We gave them to soldiers, to wounded soldiers, to families, to anyone who would take one. We didn’t argue about ideology. We didn’t ask who was religious and who wasn’t.
And every time, I asked the same thing: don’t feel you have to do a lot. Read one word, one line, one chapter. Whatever you can. Just have in mind these girls and their swift release.
I wrote the same request in every post I shared. “Bless the girls. Say something. Hold them in your thoughts.”
Mira and Pinchas Hajij, Aviv’s parents
On the night the girls did return — a Saturday night —I received message after message from people I had never met. They said they felt that a circle had closed and that their prayers had been answered.
One message stayed with me. Someone wrote: “Mira, for these girls, millions of chapters of Psalms were said.”
My wish is that our people continue saying Psalms in memory of our dear Aviv and the others who perished. May their memory be a blessing. May the merit of hundreds of mezuzahs in IDF bases across the country bring Aviv joy in Heaven.

Beautiful Neshama Aviv!! May her memory be a blessing to All Am Israel! May her family and Mother Mira be comforted by the Almighty! Thank you so much for sharing her life and story.
The memory of the upright is a source of blessing...

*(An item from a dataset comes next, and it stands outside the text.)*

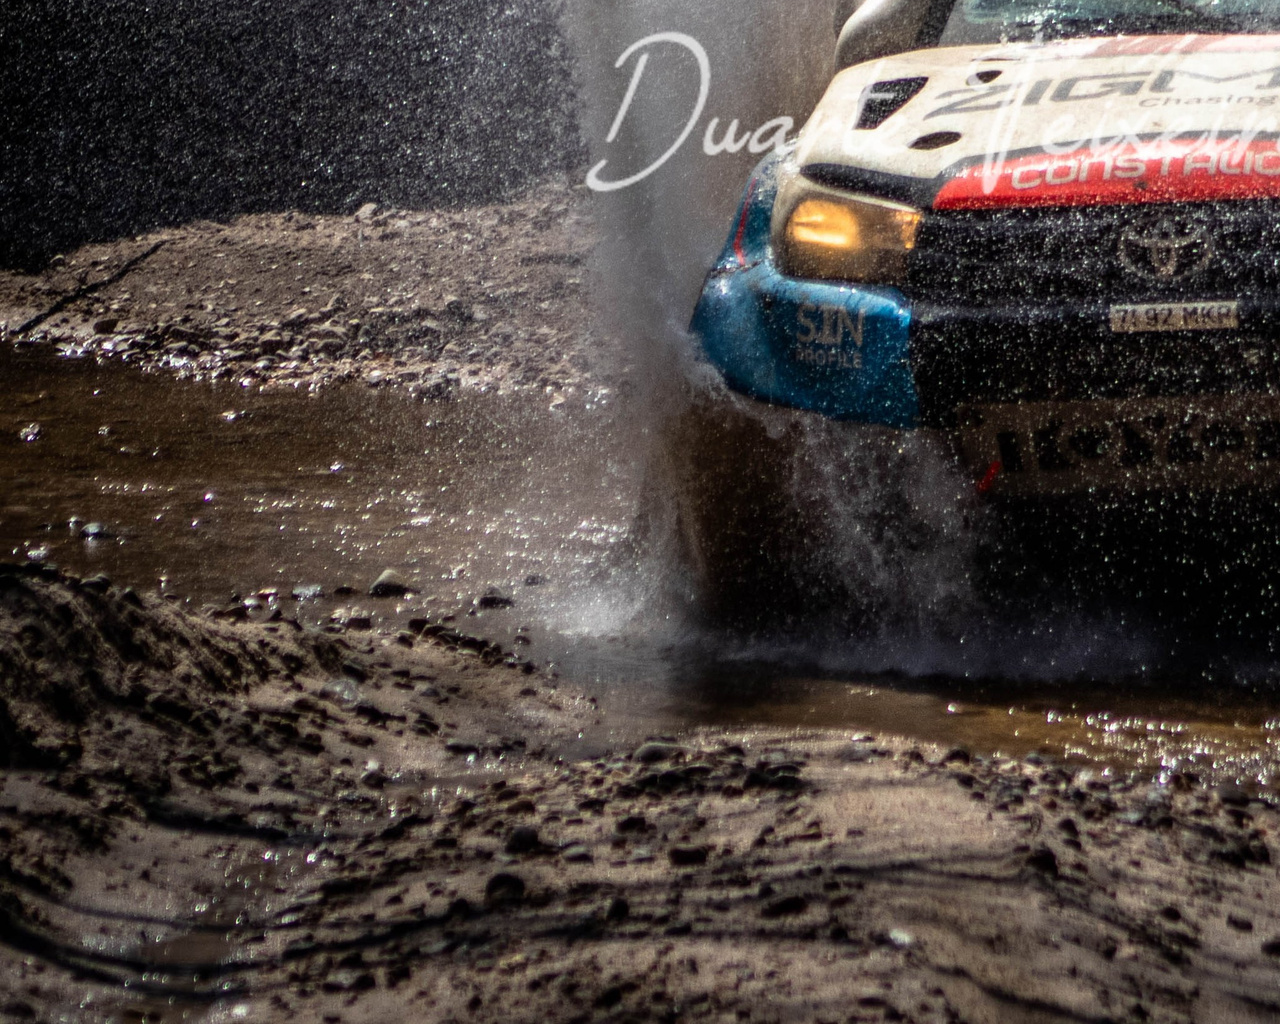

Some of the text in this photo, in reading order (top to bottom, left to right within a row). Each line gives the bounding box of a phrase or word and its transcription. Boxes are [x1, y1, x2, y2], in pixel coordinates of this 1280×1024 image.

There are no words to express the profound sadness a parent feels upon losing their child, and to lose one under these circumstances is crushing. I am so proud of you for your actions to spread hope and prayer to the families of those captured. You are truly a light unto the nations; in honor of Aviv we salute you.
Really beautiful. May Aviv's neshama have many aliyahs in shamayim.
May Hashem comfort her family.
May her memory be a blessing.May God of Israel bless her family for the lovely human being, that guarded Israel.
Beautiful article. Too many emotions to put into words.